Please return the records below exactly as they stand, with the pictures removed.

(Recorded data begins)

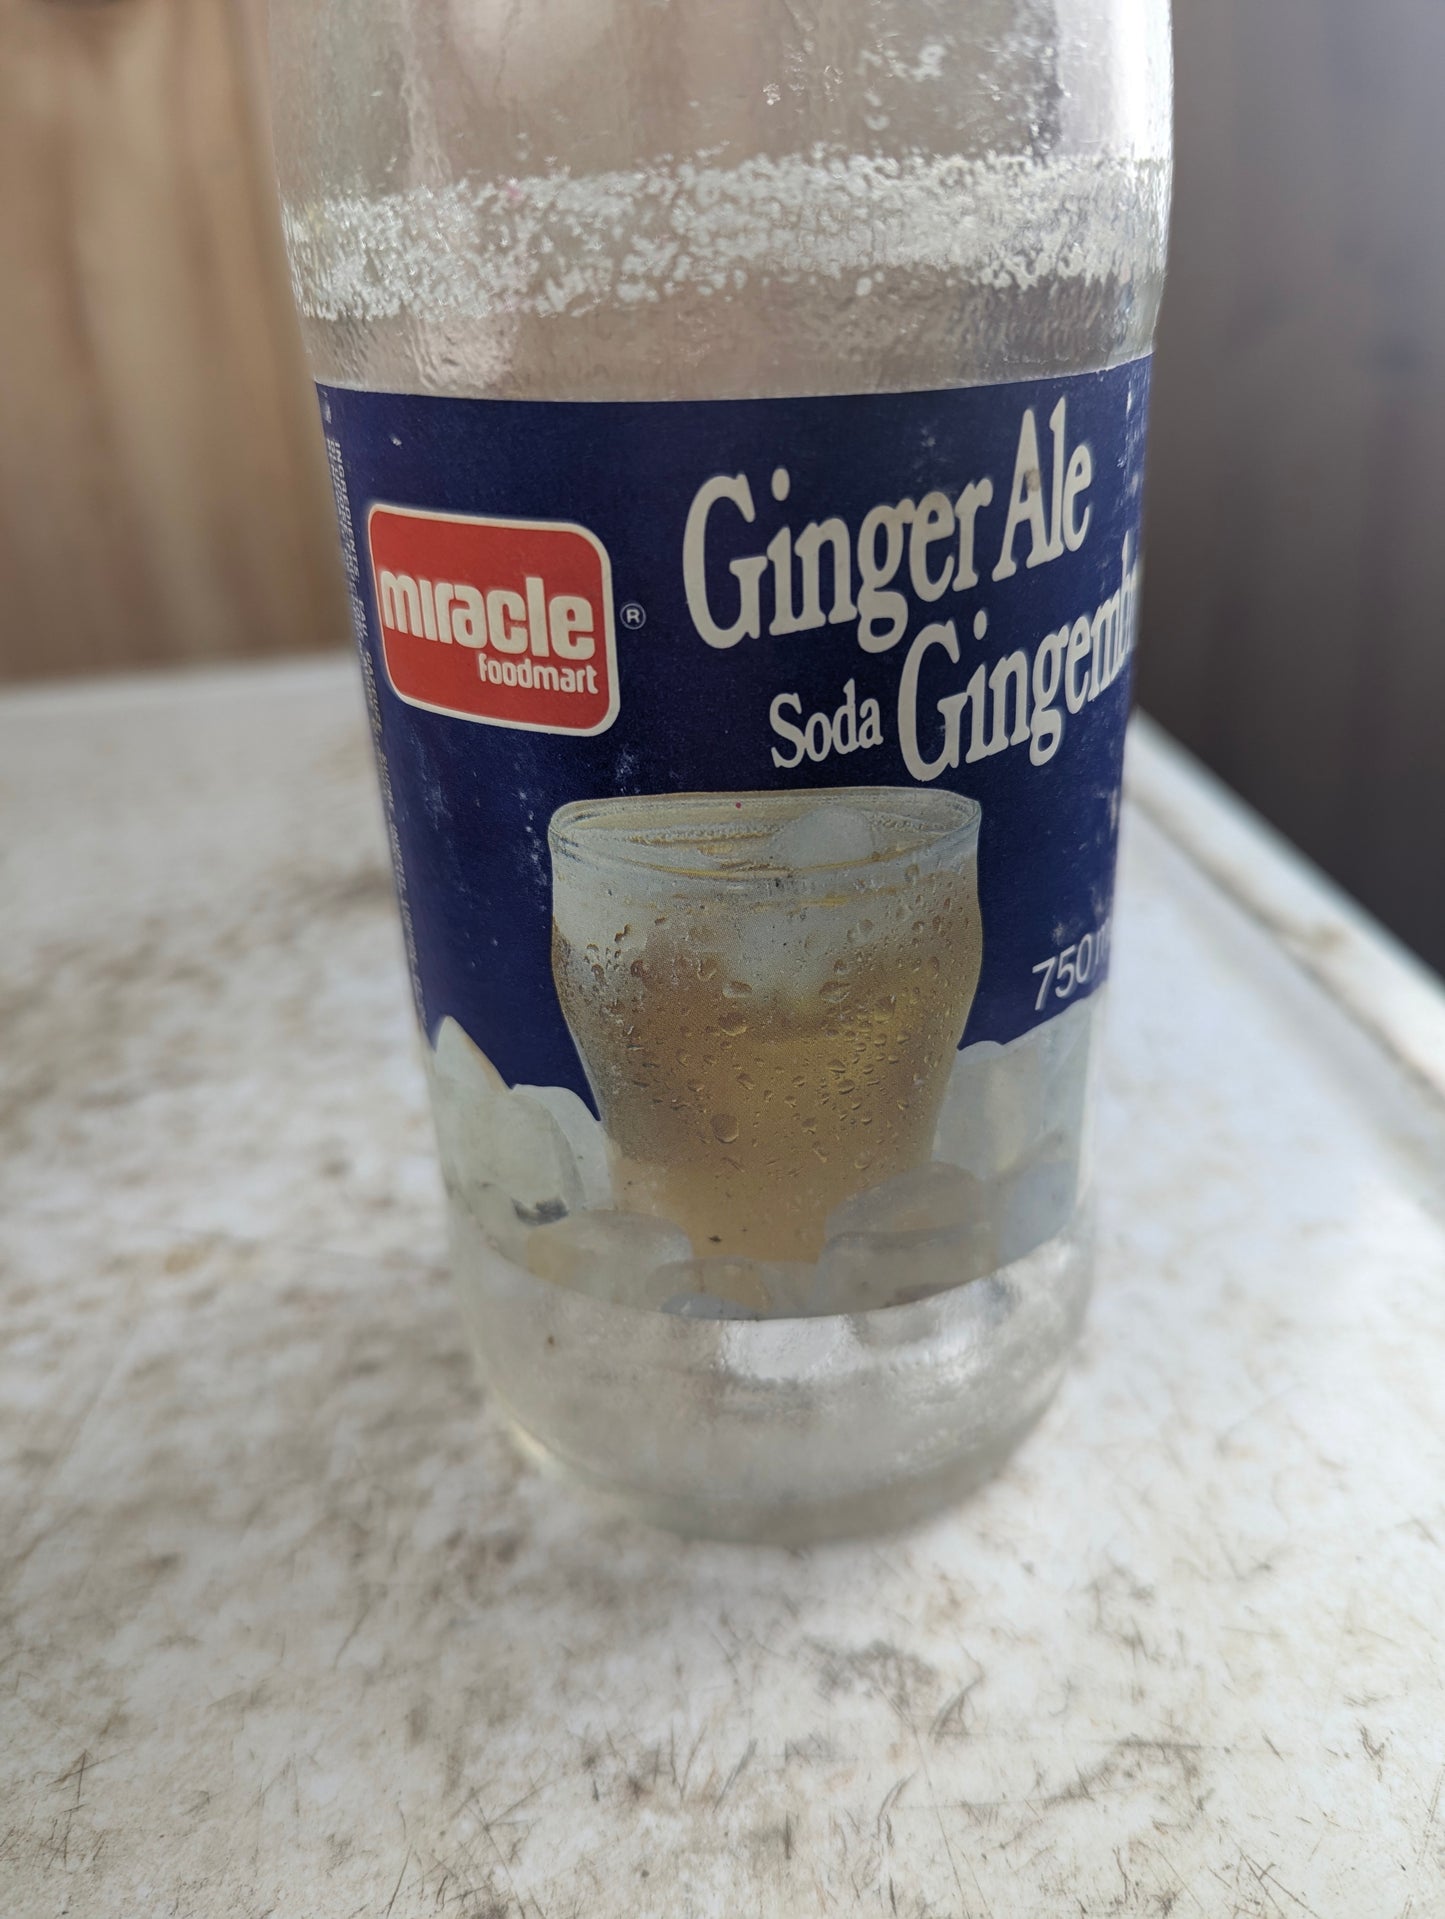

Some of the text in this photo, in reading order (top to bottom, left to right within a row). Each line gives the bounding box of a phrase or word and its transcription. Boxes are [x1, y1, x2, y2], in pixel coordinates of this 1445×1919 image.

[682, 396, 1092, 653] Ginger Ale
[379, 570, 596, 660] miracle
[769, 528, 1138, 781] Soda Gingemb
[478, 652, 599, 695] foodmart
[1032, 932, 1091, 1011] 750
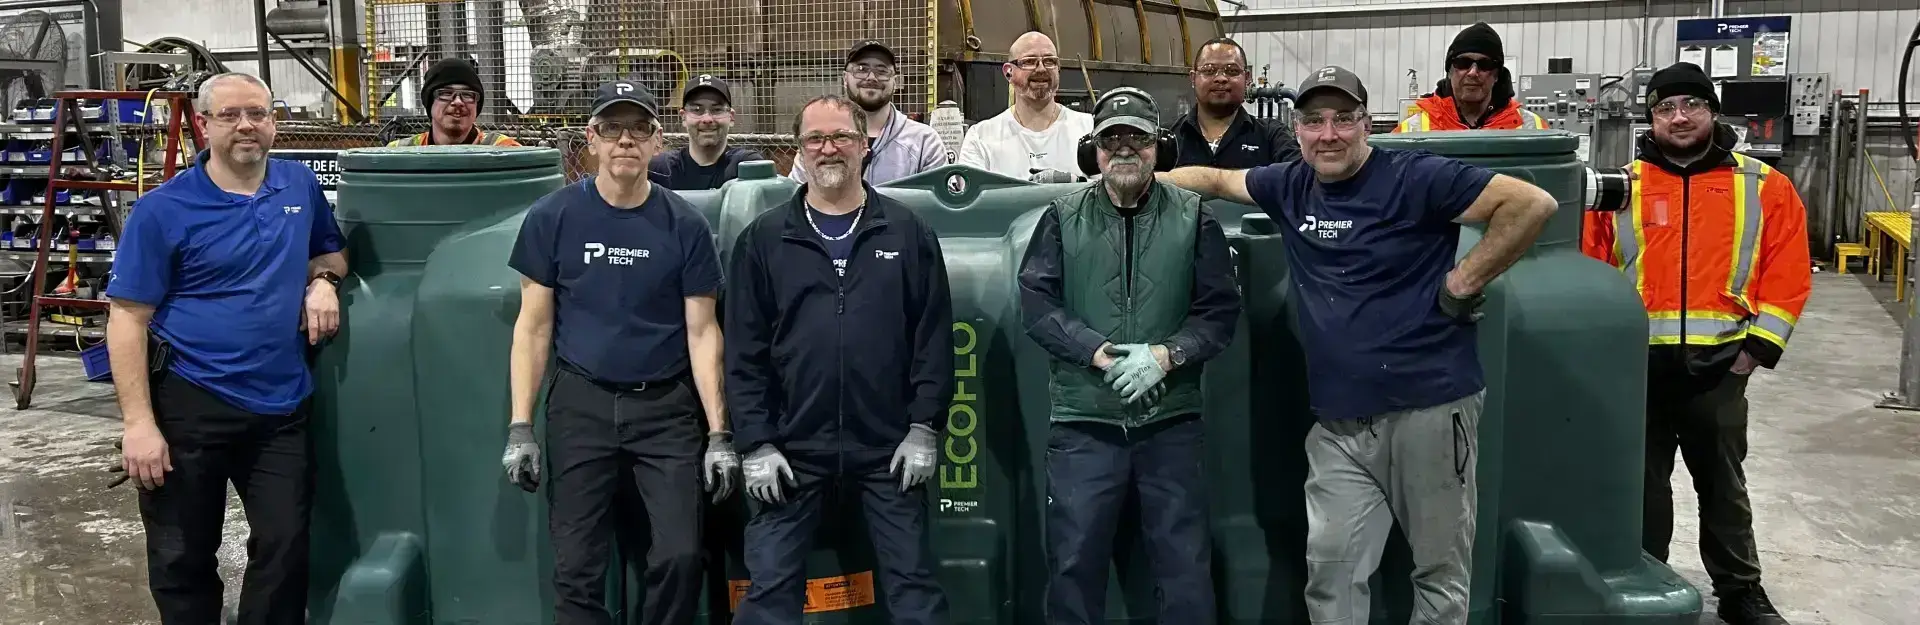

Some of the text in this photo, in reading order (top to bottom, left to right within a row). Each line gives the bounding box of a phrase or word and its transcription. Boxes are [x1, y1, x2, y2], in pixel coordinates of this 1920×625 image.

[313, 160, 327, 172] DE
[1317, 220, 1353, 229] PREMIER
[1317, 229, 1338, 239] TECH
[607, 247, 650, 258] PREMIER
[607, 256, 634, 266] TECH
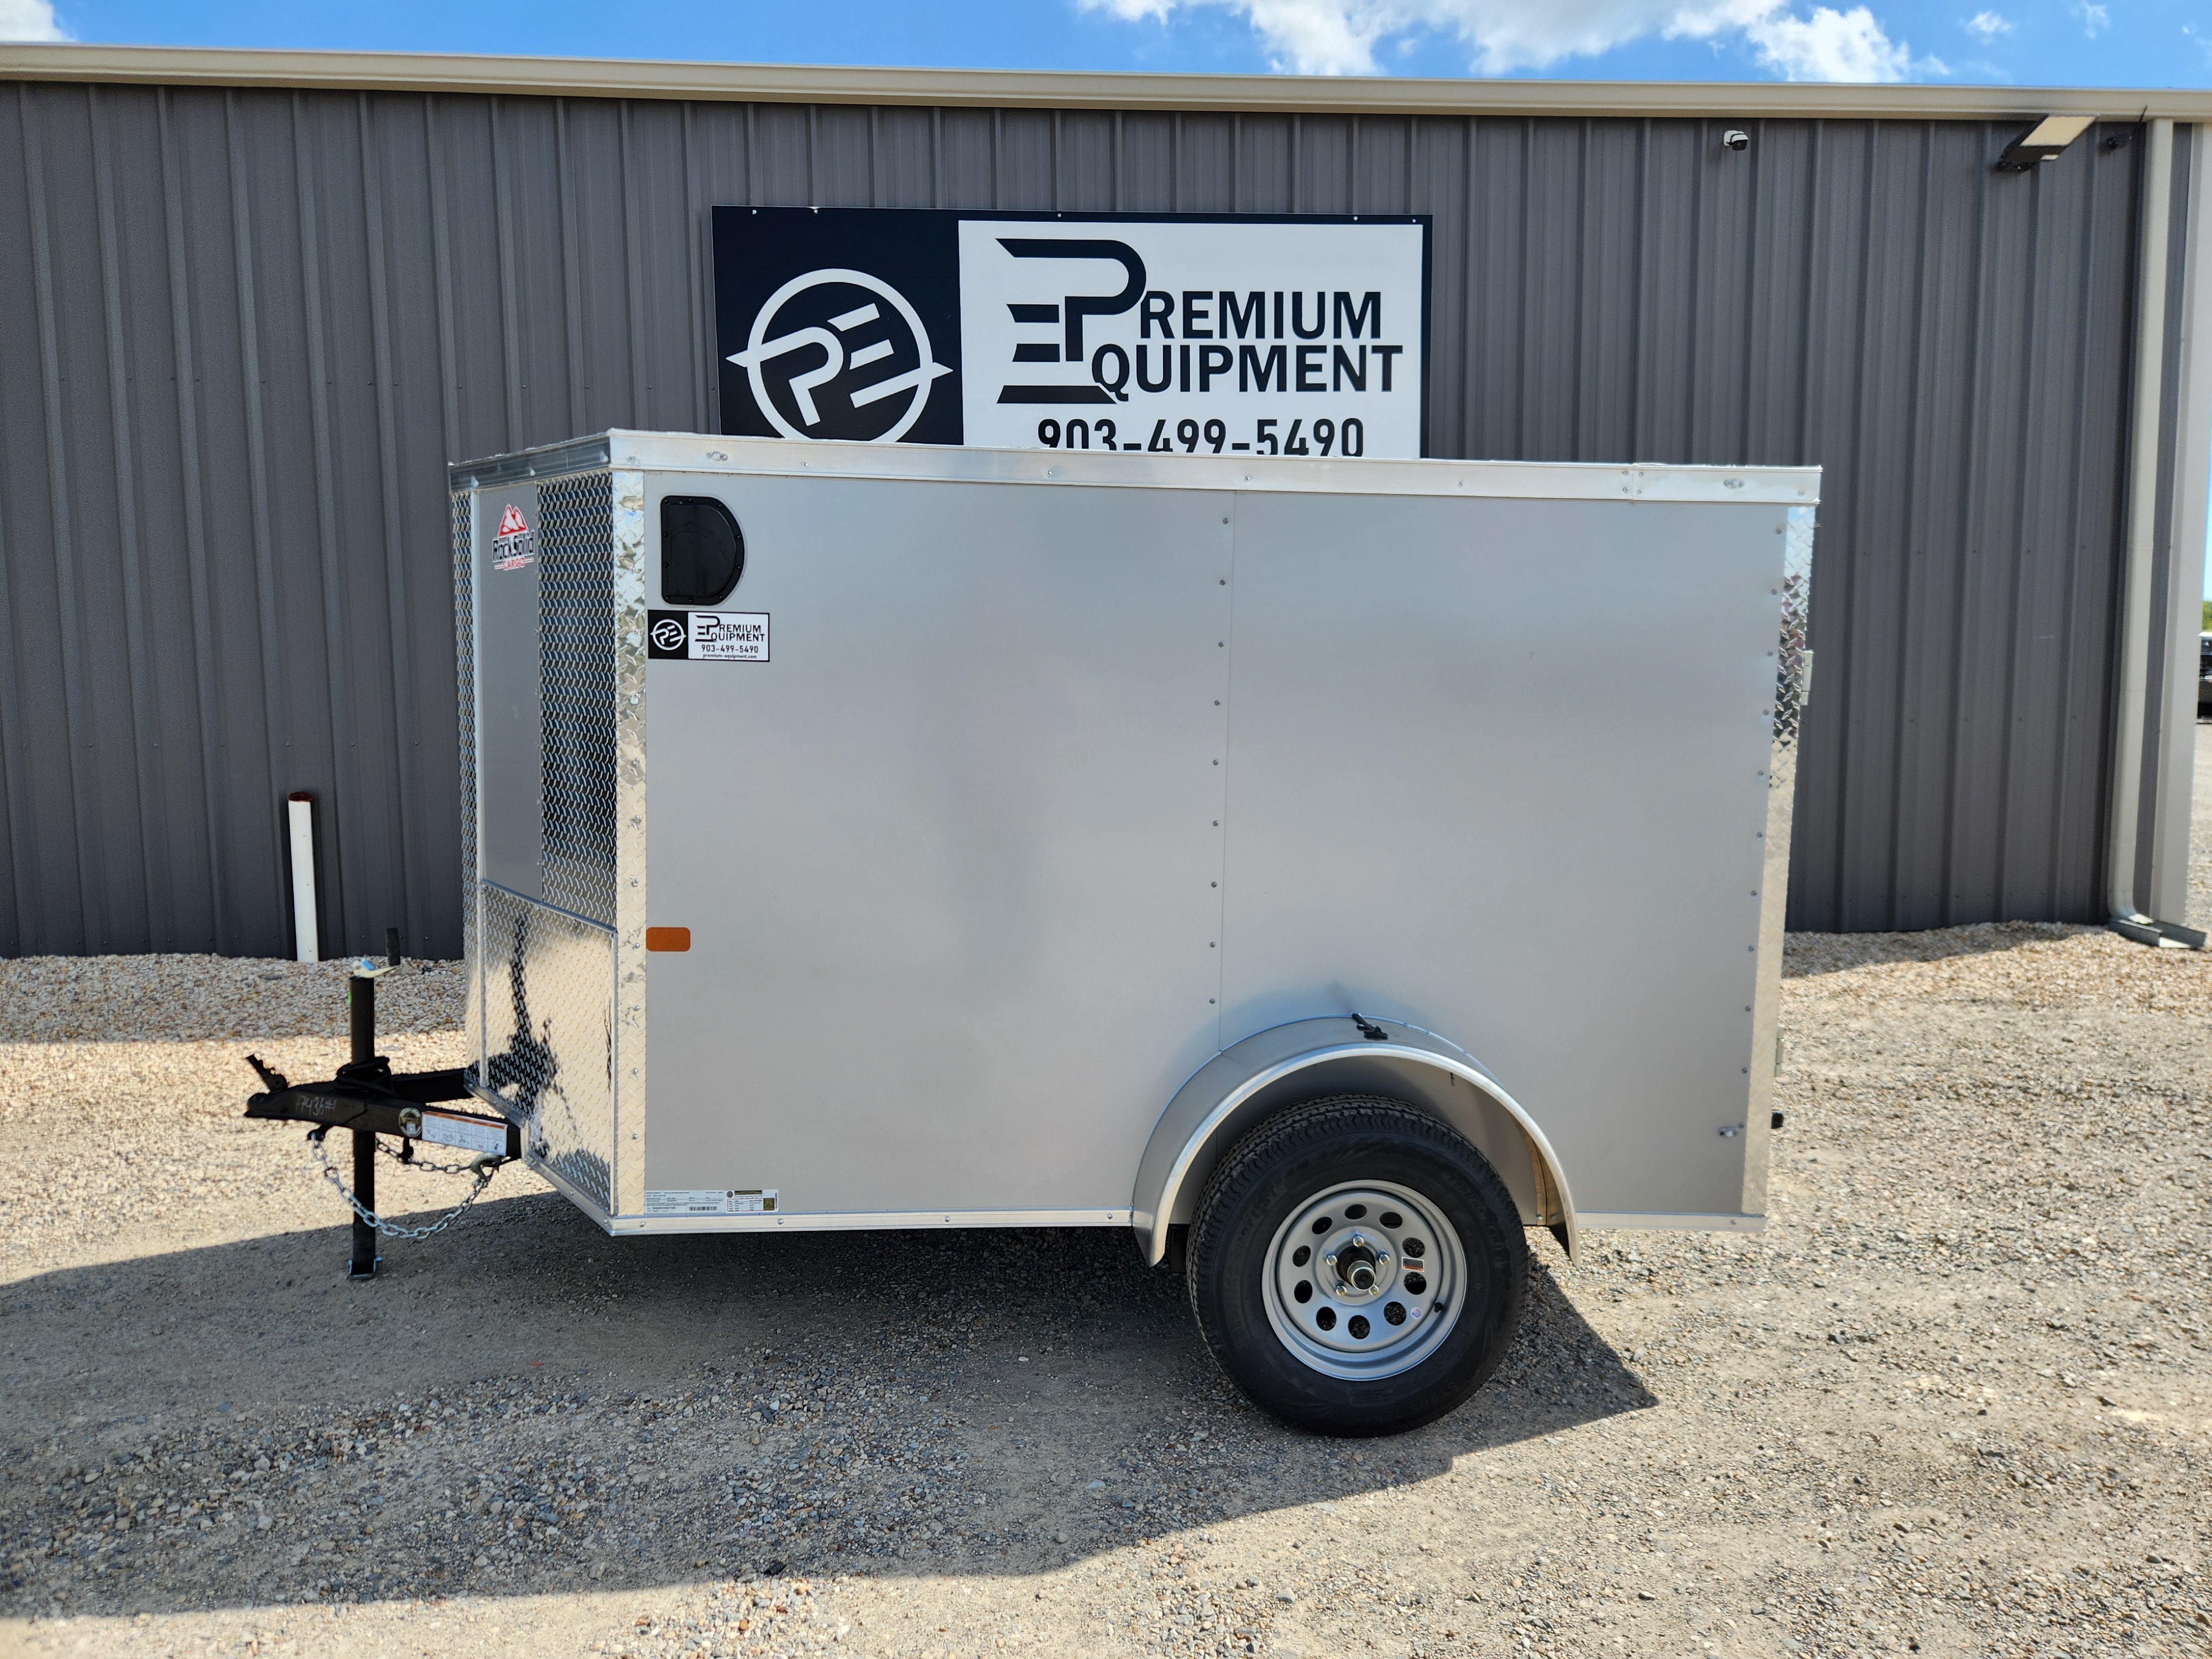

(Recorded data ends)

The answer:
Some of the text in this photo, in reading order (top to bottom, left to right within a row). Each line gives the bounding box of a phrase or word and its transcription. Boxes are [x1, y1, x2, y2], in pixel coordinates of this 1445×1919 image.

[682, 396, 1092, 653] Ginger Ale
[379, 570, 596, 660] miracle
[769, 528, 1138, 781] Soda Gingemb
[478, 652, 599, 695] foodmart
[1032, 932, 1091, 1011] 750

Some of the text in this photo, in reading order (top to bottom, left to right within a row). Each line gives the bounding box of a phrase or word and its transcription. Boxes are [x1, y1, x2, y2], in pixel coordinates of this 1920×625 image.

[313, 160, 327, 172] DE
[1317, 220, 1353, 229] PREMIER
[1317, 229, 1338, 239] TECH
[607, 247, 650, 258] PREMIER
[607, 256, 634, 266] TECH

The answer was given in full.